● **Problem statement**
Your task is to restate every entry below word for word and omit the images.

● **Given entries**
────

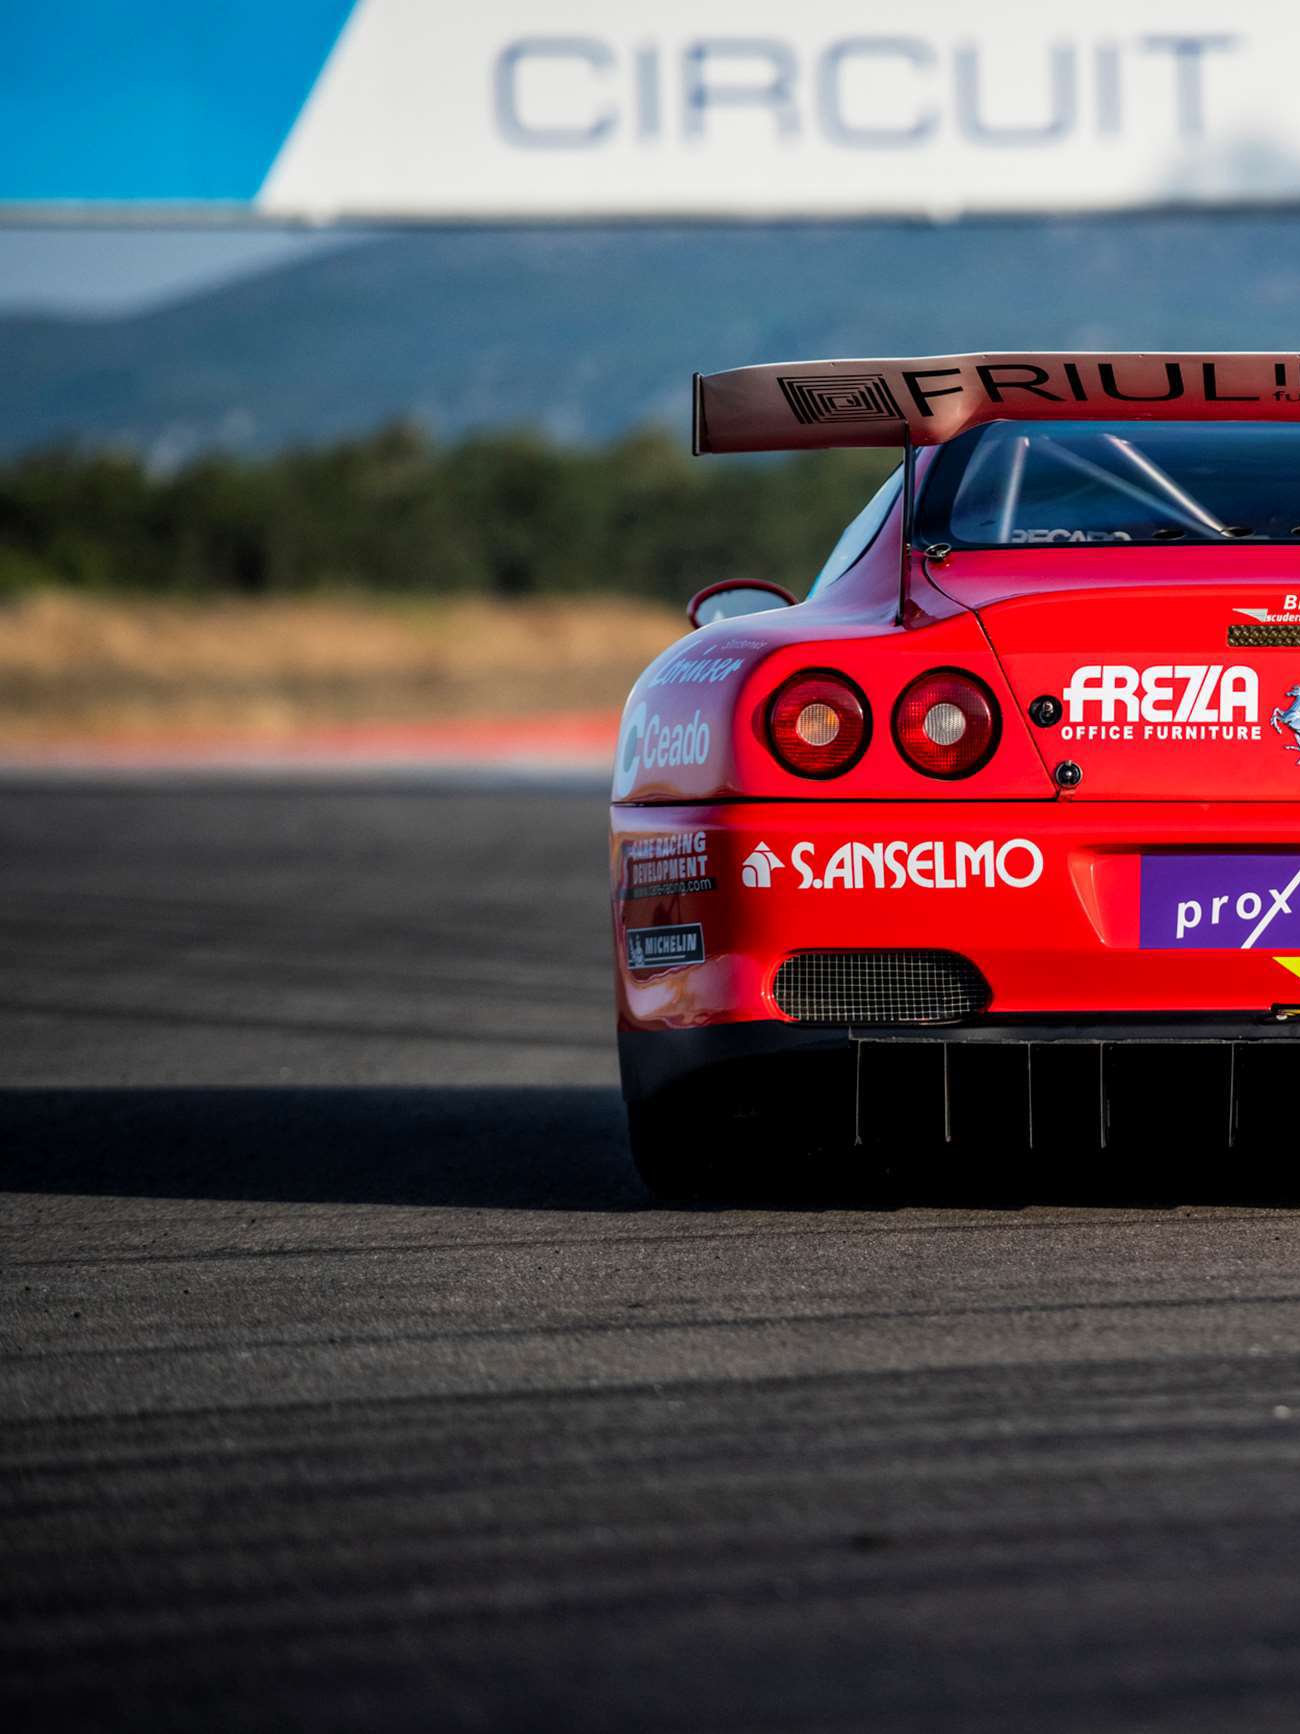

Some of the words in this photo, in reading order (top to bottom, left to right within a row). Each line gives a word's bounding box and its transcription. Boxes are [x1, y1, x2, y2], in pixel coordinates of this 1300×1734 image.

[492, 34, 1240, 150] CIRCUIT
[1061, 725, 1134, 740] OFFICE
[1144, 725, 1262, 740] FURNITURE
[633, 855, 708, 885] DEVELOPMENT
[790, 838, 1045, 889] S.ANSELMO
[644, 932, 698, 955] MICHELIN
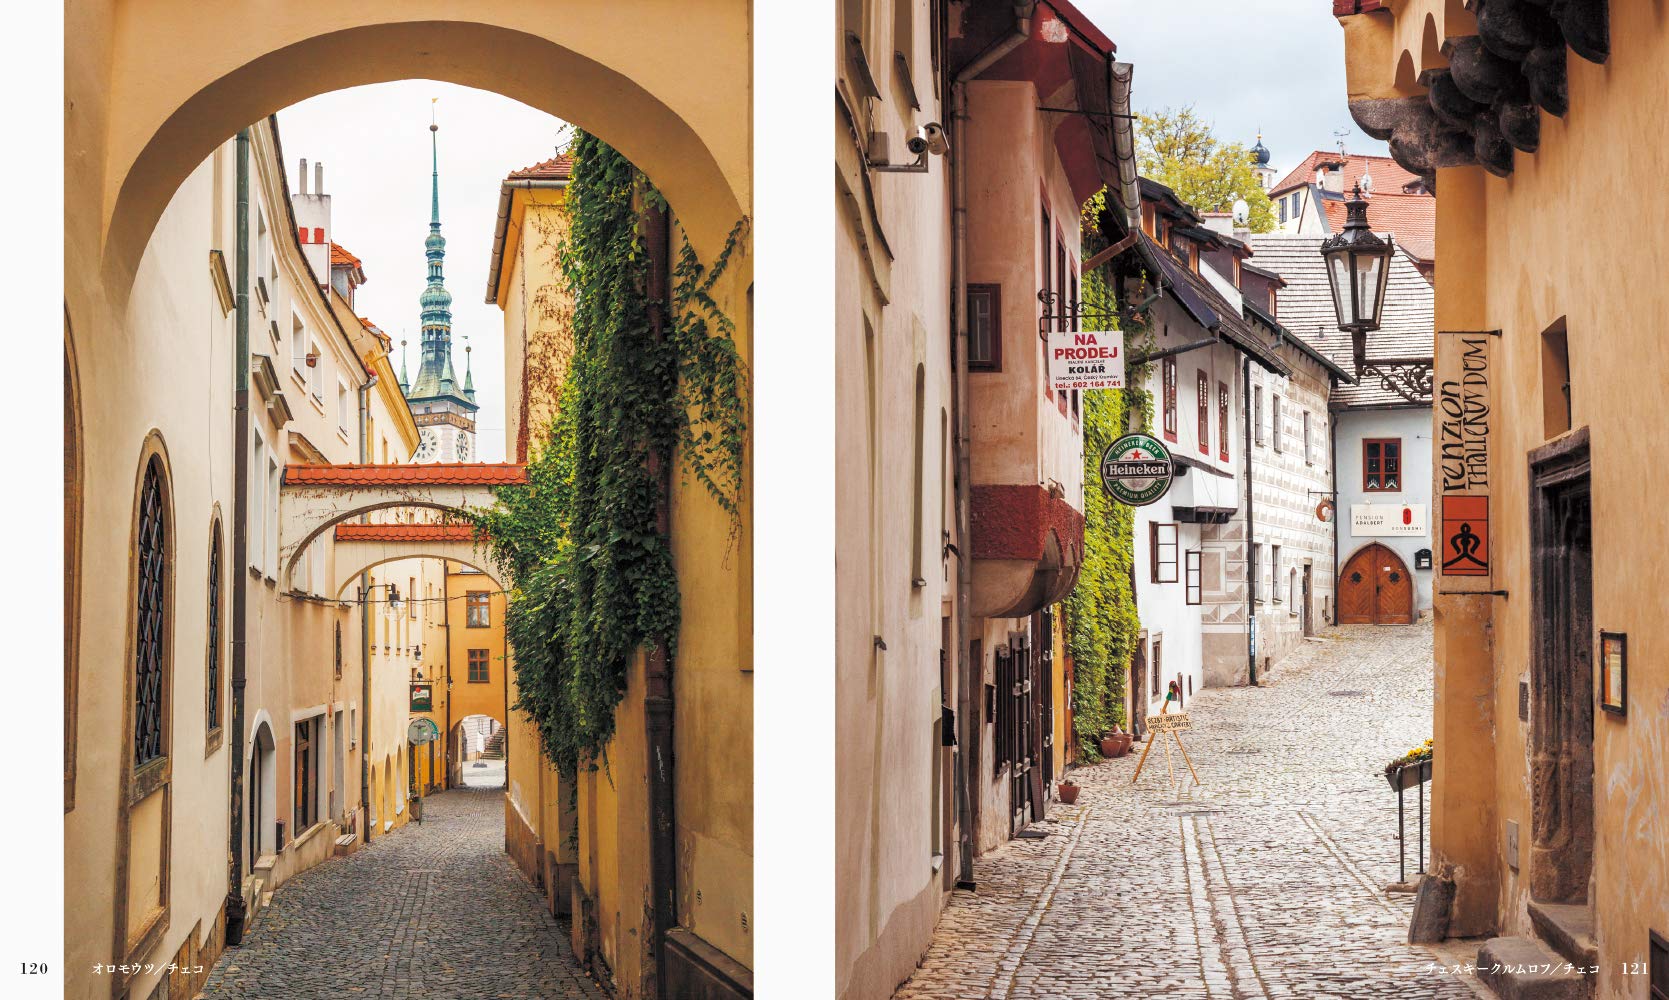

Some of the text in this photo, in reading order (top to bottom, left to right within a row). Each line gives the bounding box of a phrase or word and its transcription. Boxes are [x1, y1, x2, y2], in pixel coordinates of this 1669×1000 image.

────

● **Reply**
Some of the words in this photo, in reading order (top to bottom, left to right within a row). Each line gives a word's bounding box and its transcription. Boxes are [x1, y1, x2, y2], in pixel coordinates of this 1300×1734 image.

[492, 34, 1240, 150] CIRCUIT
[1061, 725, 1134, 740] OFFICE
[1144, 725, 1262, 740] FURNITURE
[633, 855, 708, 885] DEVELOPMENT
[790, 838, 1045, 889] S.ANSELMO
[644, 932, 698, 955] MICHELIN

Some of the text in this photo, in reading order (top to bottom, left to right within a row). Each line gives the bounding box of a phrase or word and its transcription. Boxes are [x1, y1, x2, y2], in pixel coordinates of this 1669×1000 image.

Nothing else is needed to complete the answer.